Britain to impose sugar tax on soft drinks to cut obesity
Britain will impose a tax on excessive sugar levels in soft drinks, starting in two years’ time, to cut down on spiralling childhood obesity levels, finance minister George Osborne said Wednesday.
“I can announce that we will introduce a new sugar levy on the soft drinks industry,” Osborne said, adding that the tax would be on drinks with more than five grammes of sugar per 100 millilitres.

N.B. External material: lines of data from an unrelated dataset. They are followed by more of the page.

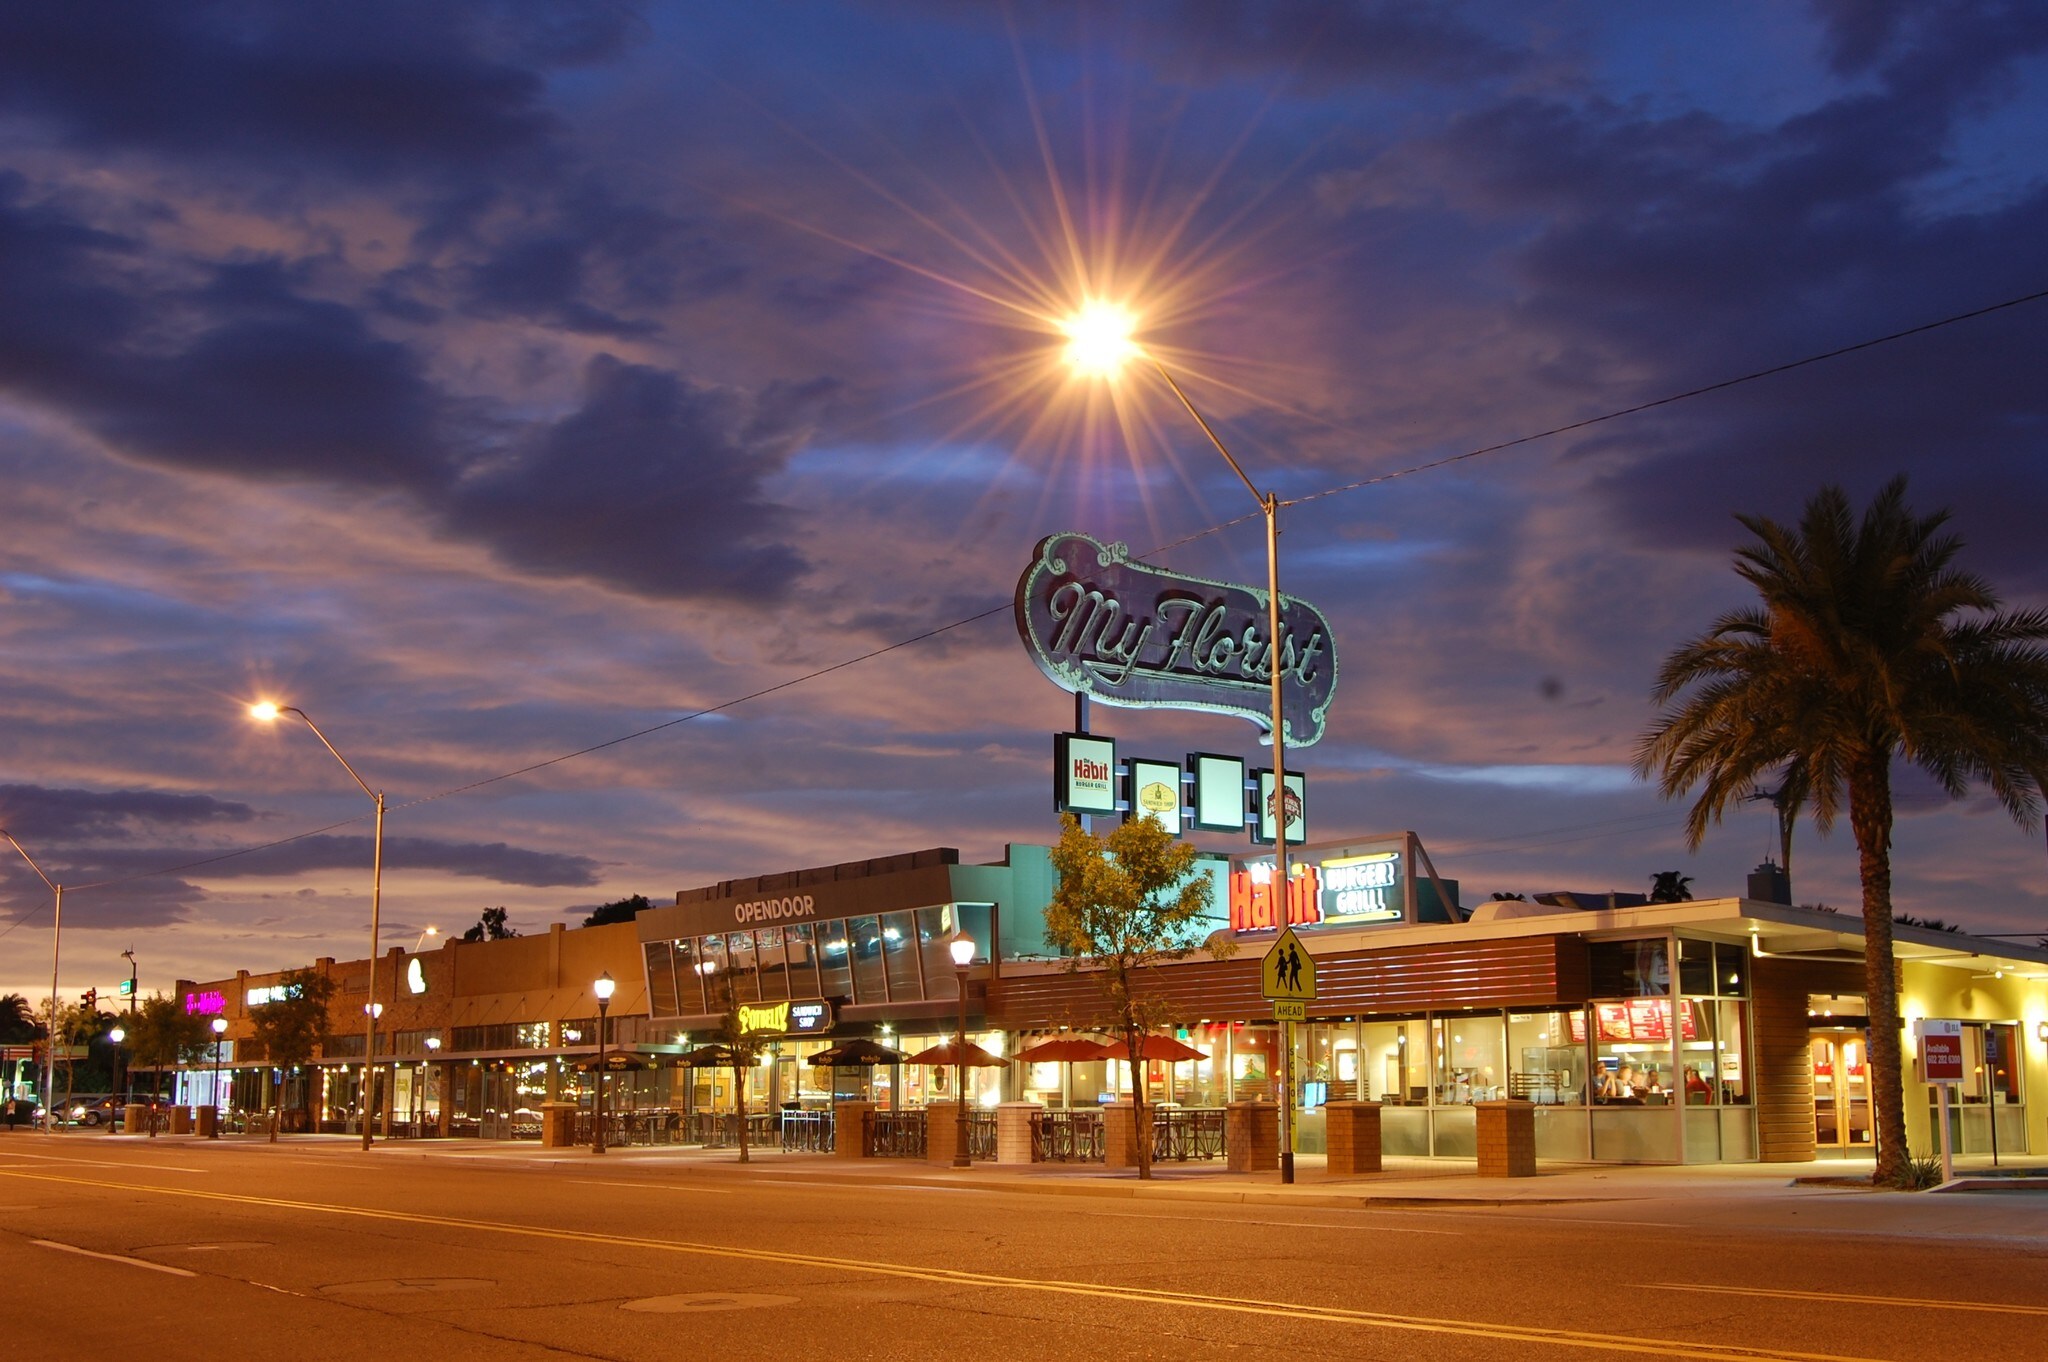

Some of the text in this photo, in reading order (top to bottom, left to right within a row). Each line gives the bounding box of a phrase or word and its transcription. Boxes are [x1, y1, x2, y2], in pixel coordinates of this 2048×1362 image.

[1050, 581, 1322, 687] My Florist
[1074, 758, 1108, 781] Habit
[1326, 862, 1394, 891] BURGER
[735, 895, 815, 923] OPENDOOR
[1231, 861, 1318, 931] Habit
[1336, 887, 1386, 915] GRILL
[1277, 1006, 1302, 1016] AHEAD
[1927, 1044, 1949, 1053] Available
[1927, 1055, 1937, 1064] 602
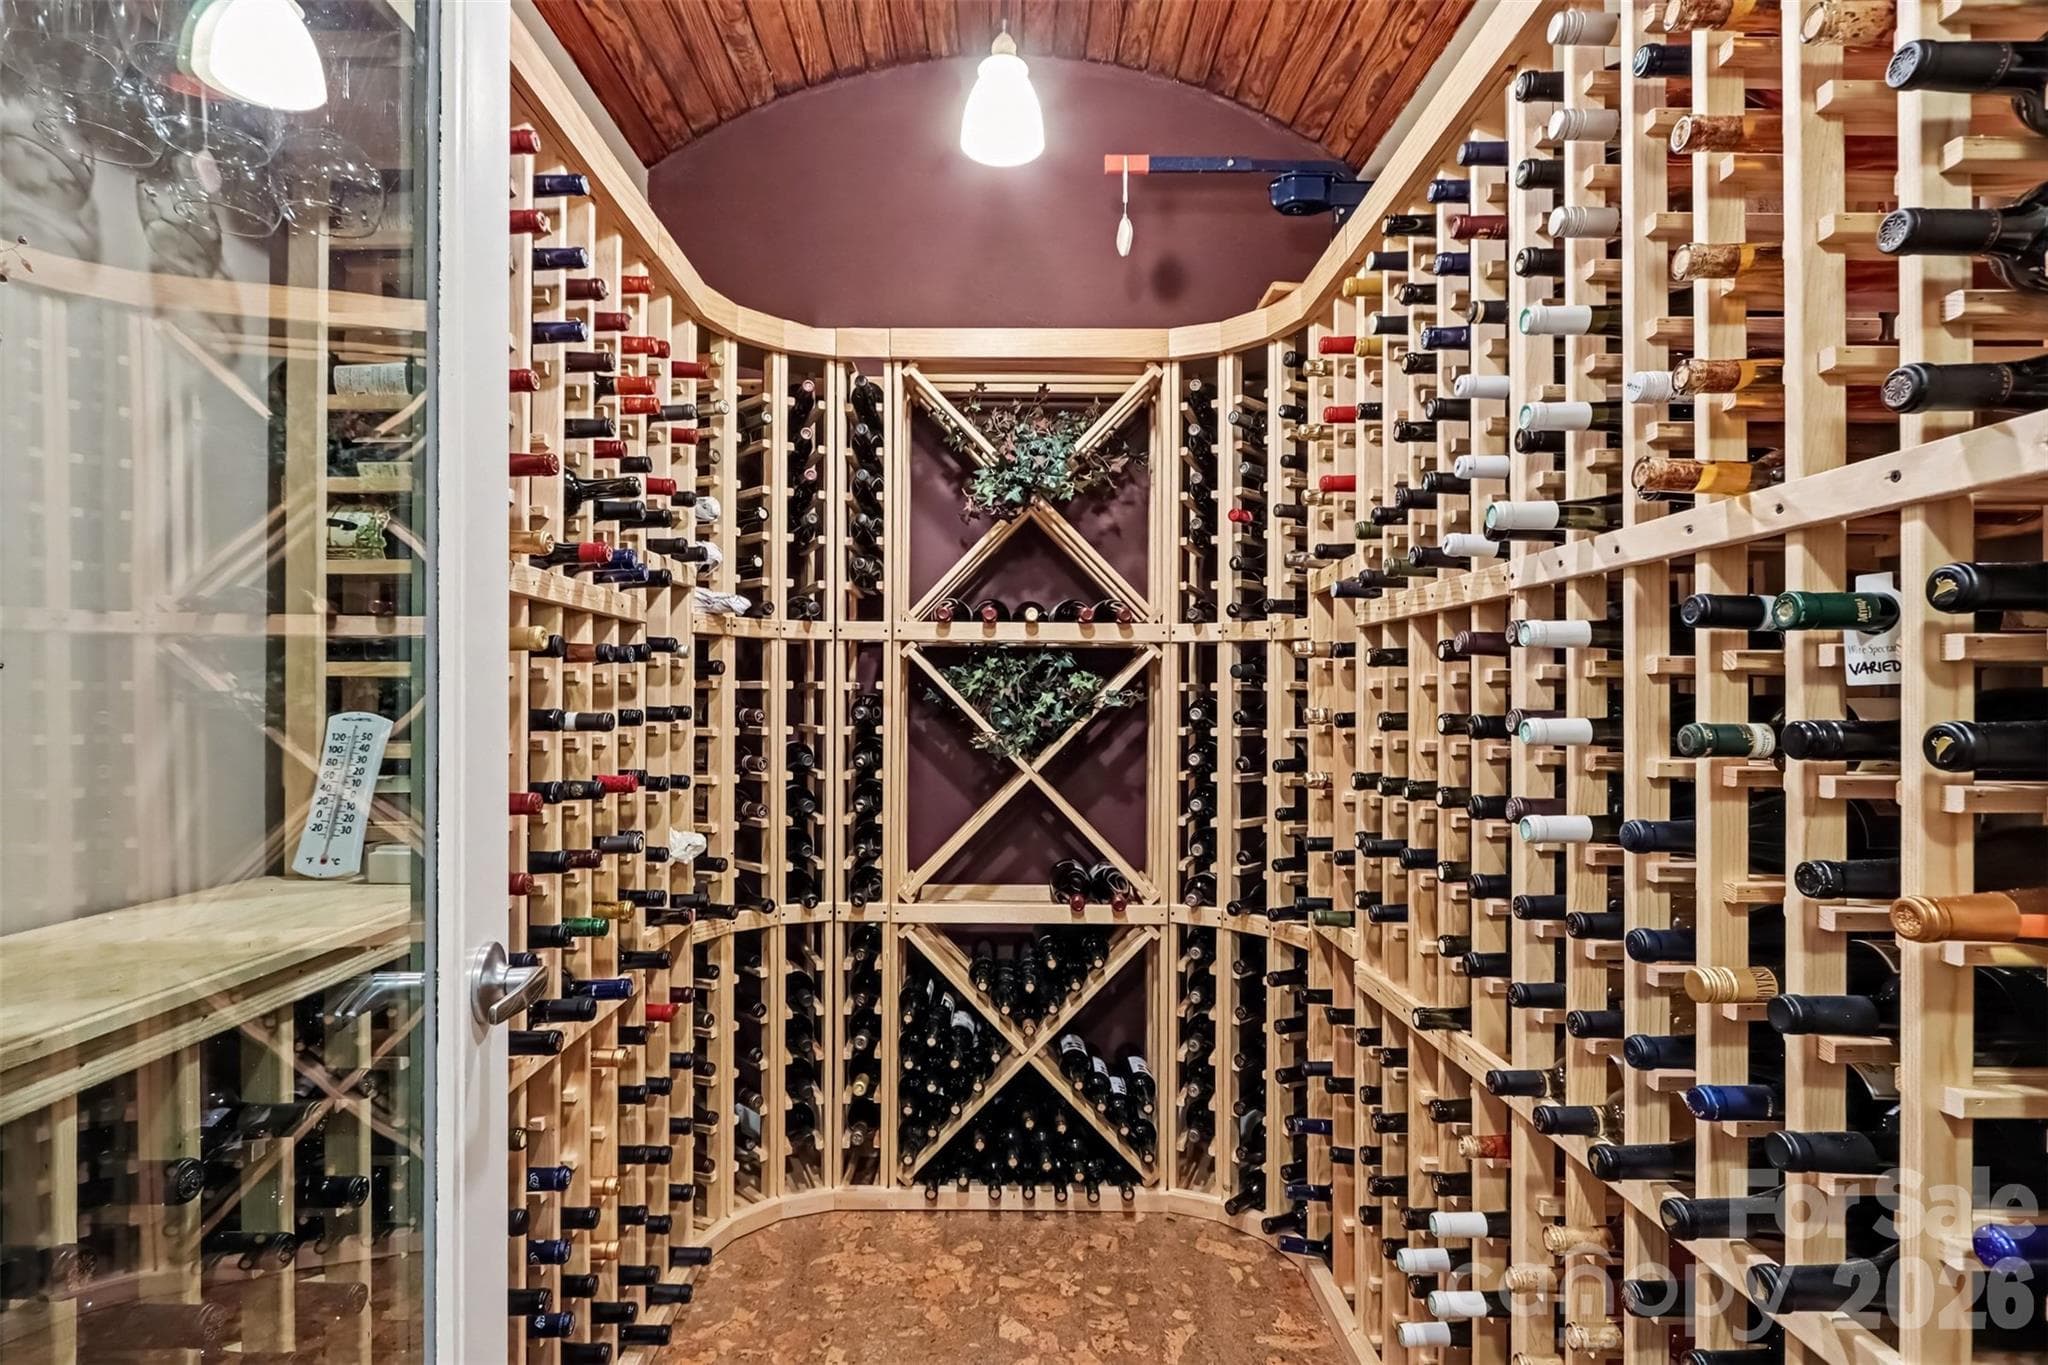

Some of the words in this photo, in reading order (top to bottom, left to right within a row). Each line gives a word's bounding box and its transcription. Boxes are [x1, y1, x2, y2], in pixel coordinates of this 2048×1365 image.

[1848, 660, 1901, 675] VARIED
[332, 732, 346, 741] 120
[361, 732, 373, 741] 50
[328, 745, 343, 754] 100
[359, 744, 370, 752] 40
[325, 758, 338, 766] 80
[356, 755, 367, 764] 30
[322, 771, 335, 779] 60
[353, 767, 365, 775] 20
[352, 779, 362, 787] 10
[320, 784, 331, 792] 40
[317, 797, 329, 805] 20
[316, 810, 323, 818] 0

“We all know one of the biggest contributors to childhood obesity is sugary drinks.
“I am not prepared to look back at my time here in this parliament, doing this job and say to my children’s generation, ‘I’m sorry. We knew there was a problem with sugary drinks. We knew it caused disease but we ducked the difficult decisions’.”
Britain has some of the worst obesity rates in Europe.
Official data from last year showed 61.9 percent of British adults and 28 percent of children aged between two and 15 are overweight or obese.
“We did it!” celebrity chef Jamie Oliver, who has long campaigned for a sugar tax, said on Instagram.
“A profound move that will ripple around the world,” he wrote.
Shares in soft drinks producers plunged after the announcement.
A.G. Barr, producer of the popular Scottish drink Irn Bru, dropped 5.4 percent, while squash maker Britvic fell 2.9 percent.
Health experts welcomed the new tax.
Professor Isabelle Szmigin from the University of Birmingham said: “It is really important that the government is taking seriously the sugar issue and its links to obesity.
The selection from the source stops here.